I dunno. In my visits to Japan, I've never had trouble finding a great lunch for $4-6, and dinner for under $10. One night we stuffed ourselves at a sushi conveyor place, got a few drinks, and it was $33 for two. Food is one of the few things you can do somewhat cheaply in Japan.

조안나 said...

I think I've been to halmoni kalguksu! I heard it was famous but I'd never heard of anyone else going there. Actually, the best kalguksu I've had is at a place near gwanghwamun, another place that always has a line out the door to get in at lunch time. I finally got in for the first time last saturday! mmmmm kalguksu!

dokebi said...

I think that the perception of Japanese food being expensive mainly exists in north america. I'm sure it's more affordable for people who live in Japan and not have to deal with a more expensive currency. But what roboseyo says has been echoed by a lot of other b/vloggers, and I've heard it from my Korean relatives too. For something like 2,000 or 3,000 (~ 2 or 3 dollars) you can get a very hearty and delicious lunch and have a place to hang out with your friends.

chiam said...

Loved this post, and yeah, I totally agree that some of the best food is at places that aren't afraid of being a bit dingy.

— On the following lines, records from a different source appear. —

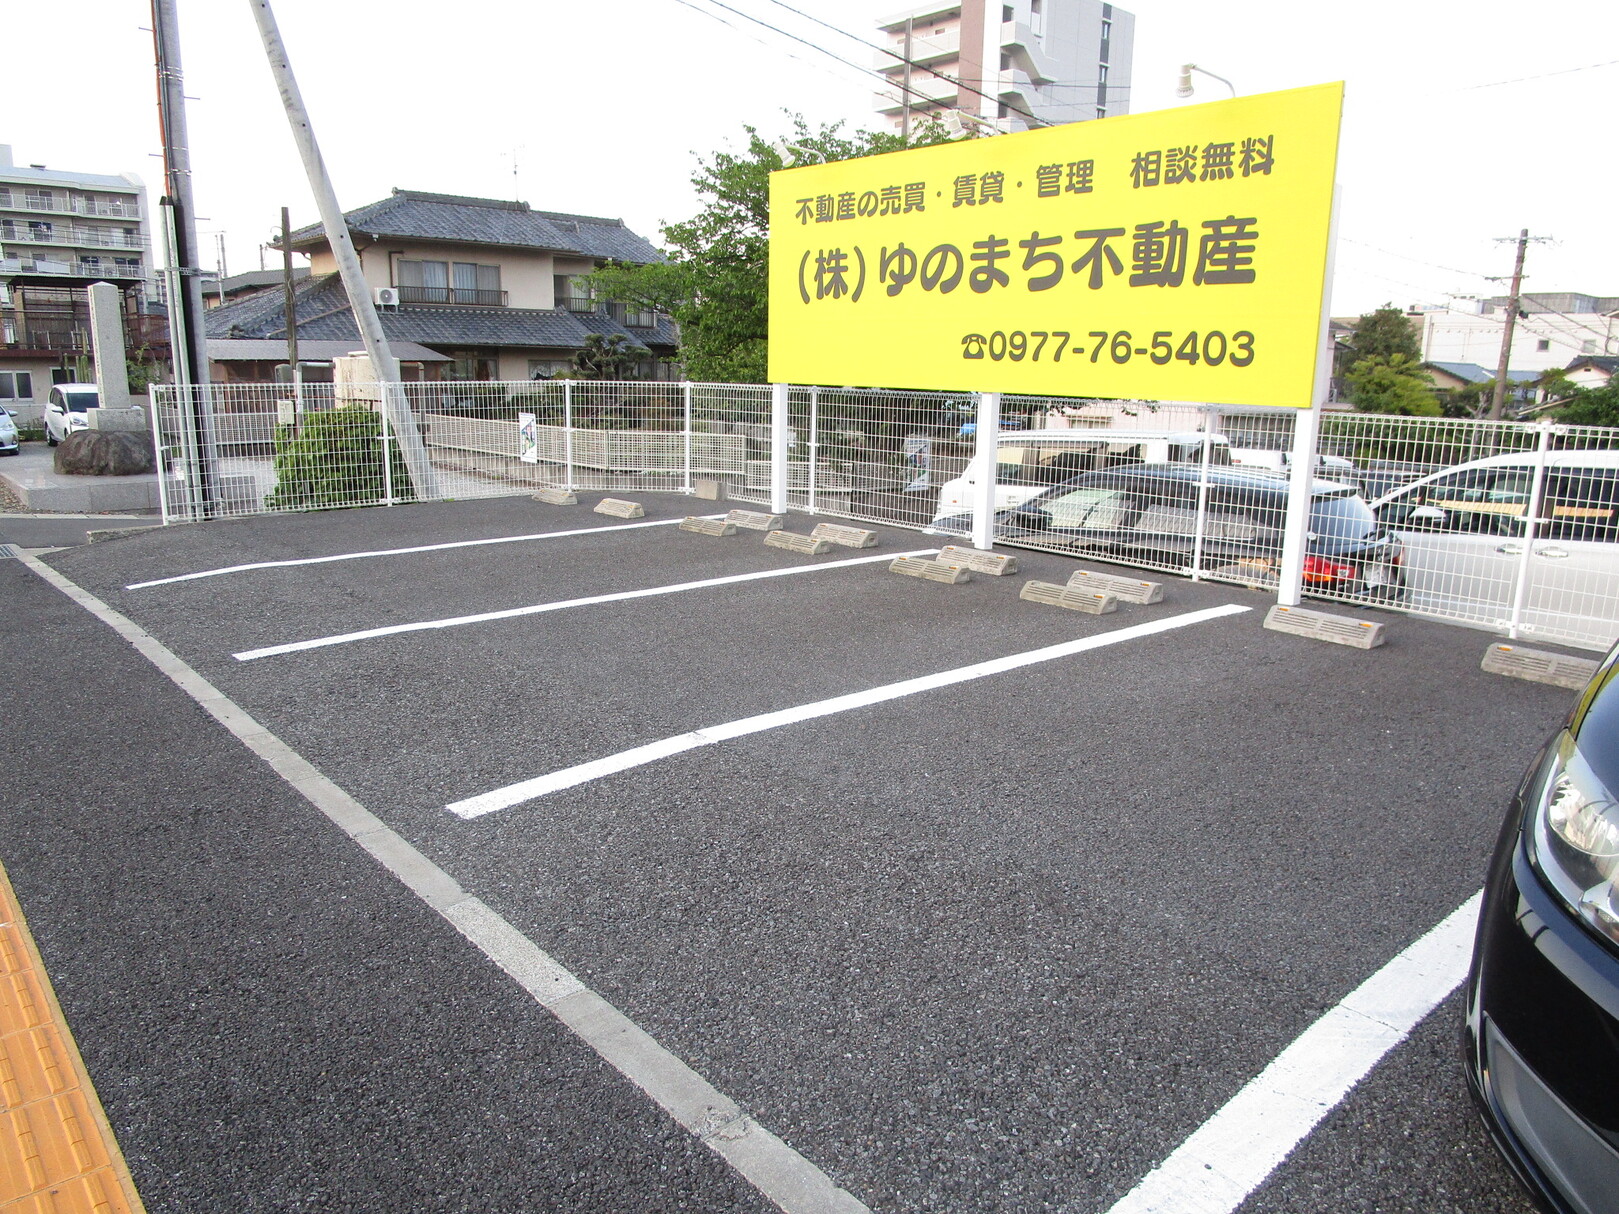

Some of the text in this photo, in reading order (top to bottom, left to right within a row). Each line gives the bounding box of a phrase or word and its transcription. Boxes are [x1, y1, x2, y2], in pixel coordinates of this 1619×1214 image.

[795, 135, 1275, 226] 不動産の売買・賃貸・管理 相談無料
[798, 215, 1260, 305] (株)ゆのまち不動産
[988, 330, 1255, 368] 0977-76-5403
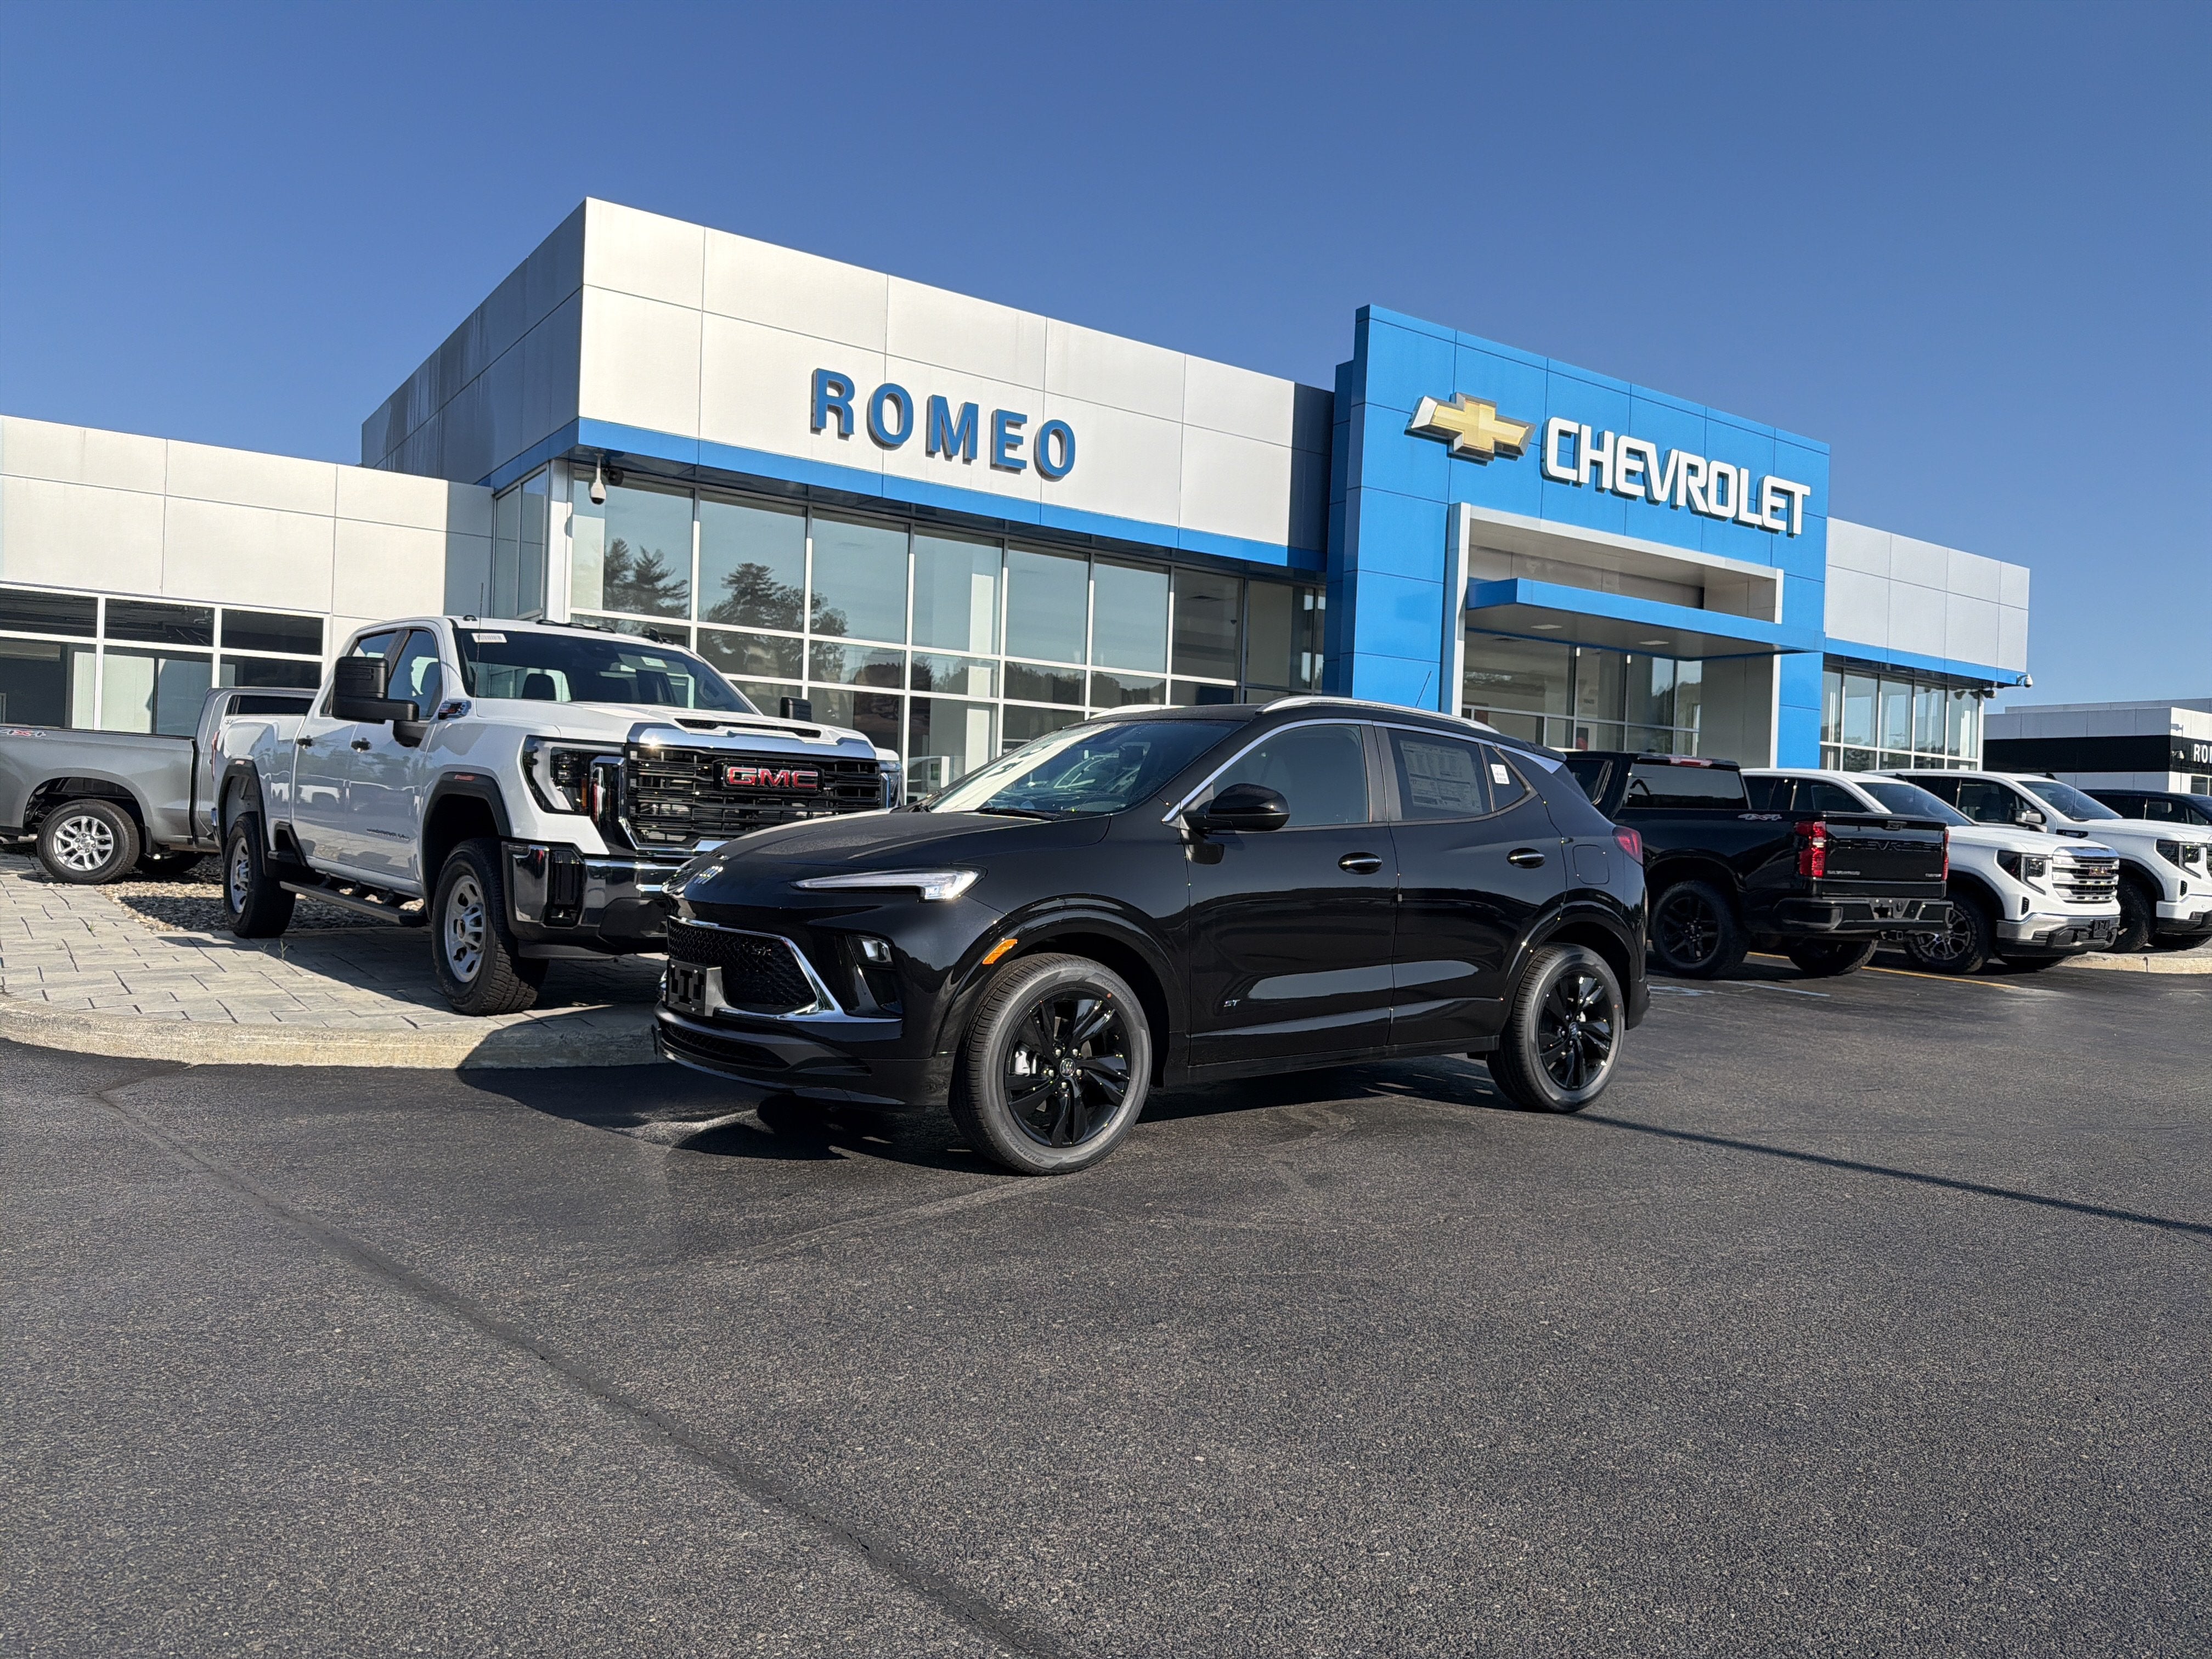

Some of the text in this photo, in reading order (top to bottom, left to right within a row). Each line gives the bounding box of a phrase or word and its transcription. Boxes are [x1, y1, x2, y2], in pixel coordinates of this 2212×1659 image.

[810, 368, 1076, 479] ROMEO
[1542, 416, 1811, 535] CHEVROLET
[2193, 743, 2212, 764] RO
[727, 766, 819, 788] GMC
[1223, 999, 1241, 1008] ST

When two friends of mine came to Korea from Japan for a short visit, they were actually shocked at how expensive food is in Korea. They said pretty much the same thing as Jens. Every time I head to Japan I end up spending a lot on food...but that's probably because I drink a lot.

Roboseyo said...

Actually, Chiam, you're right: tourists can and do spend a lot on food here - because they don't have that google map to that sleepy street with the amazing kalguksu place; I'm sure the locals in Japan eat much cheaper than I do when I'm there, too, because they know all the best cheap spots, while I, being illiterate in Japanese, I'm limited to places with picture menus or store window models - and places like that usually display their pictures, models, or English menus, to make a grab for the tourist dollars

but when I was talking about the best Japanese and French food being expensive, I was more thinking of those high-end $300 a plate sushi places -- to experience the best French food, the food that made French cuisine famous, one needs to seek out a Michelin Three-Star restaurant or somesuch, while the high end Korean food like that is rarely actually the best food Korea has to offer - halmoni boribap is probably better, and most of the food writers I know argue that the high end hanshik Korean Tourism likes to promote isn't representative of real hanshik, much less real Korean food.